Marketing people have a lot of jargon, terms, abbreviations, and other nonsense. We’re probably not as confusing as the military or medical fields, but we’ve got our own language, too.
Consider this your cheat sheet for later conversations:
Above the Fold – This used to be a newspaper term referring to what you could see when the paper was folded in half. Today, it more often means the part of the website you see without scrolling down.
Analytics – This term could mean anything, but most marketers are probably referring to Google Analytics, which is where we see how your SEO rankings are doing.
B2B or B2C – Business to business and business to customer. This refers to the type of business you run. Marketing agencies are B2B; our customers are other businesses. A dentist is B2C.
CTA – Call to action. This is the part of your content or message that asks a potential client or customer to do something, take action. That might be to fill out an online form in exchange for a coupon or download.
CPL – Cost per lead. Figure out your cost per lead by adding up how much you spend on all your marketing and advertising efforts. Compare that with the number of leads you get in return.

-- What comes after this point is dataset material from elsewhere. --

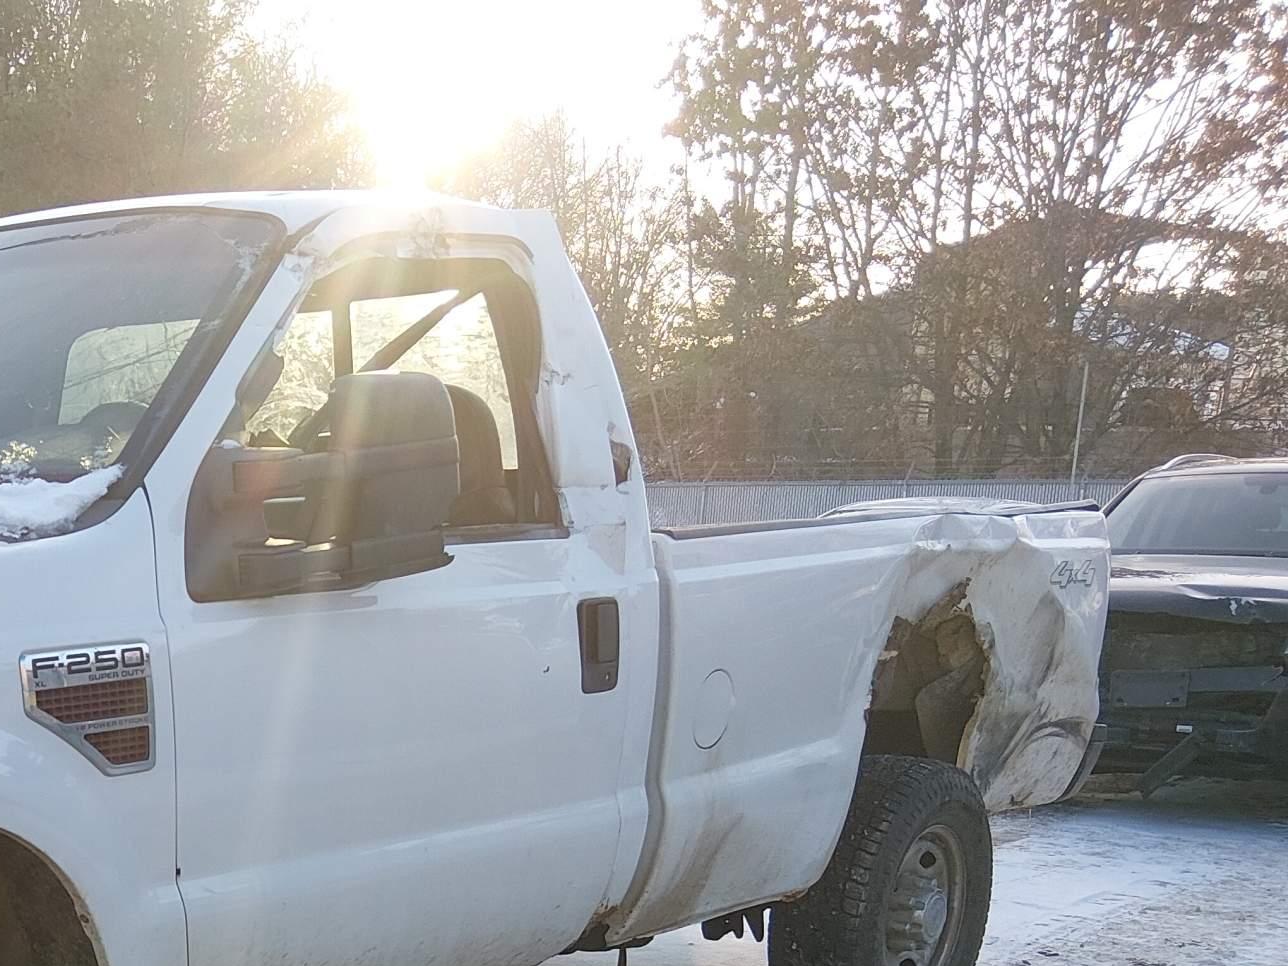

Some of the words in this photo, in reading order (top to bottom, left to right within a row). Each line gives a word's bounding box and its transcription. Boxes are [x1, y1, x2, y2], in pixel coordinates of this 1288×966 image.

DNS – Domain Name Servers. Think of them like a phone book. People use domain names, but computers use an Internet Protocol (IP) address. The DNS translates one to the other.
KPI – Key performance indicators. These are whatever metrics or measurements you are using to decide whether a marketing campaign or project is working. You might have key performance indicators in other areas of your business as well. In marketing, we tend to look at website traffic, social media shares, phone calls to your business (hopefully you are tracking how they heard about you!), and email opens, among others.
Mobilegeddon – Google’s mobile website smackdown. In short, if your site isn’t mobile friendly, you won’t rank well on search engine results.
PPC – Pay per click advertising. These ads run on Google or Facebook. You set a daily budget for the ad and only pay when someone clicks on it.
Responsiveness – This term describes the way your website looks on mobile devices such as tablets and phones. Your website should scale and shrink for any device and even feature different content keeping in mind that users on a phone might want something different than a desktop user. (Note: The website should not be a separate mobile site, as you may have done in the past. Now having a separate site will hurt your SEO.)
SEO – Another abbreviation. This one is for Search Engine Optimization, which is the work we do to put your website higher in search engine results. As you probably know, people Google things and don’t tend to click past the second page or so.
UI/UX – An abbreviation for User Interface and User Experience. Both apply to websites, how they look, how a person will navigate through them. While some think the terms are interchangeable, they actually refer to two different things. Check out our handy infographic to learn more.
WordPress – This is a content management system. You may have heard of Drupal or Joomla. WordPress is one more. Many websites today are built using these systems as a way for you to manage your content without having to know programming languages. We often use WordPress because we find it to be user friendly so you can make small changes to your website.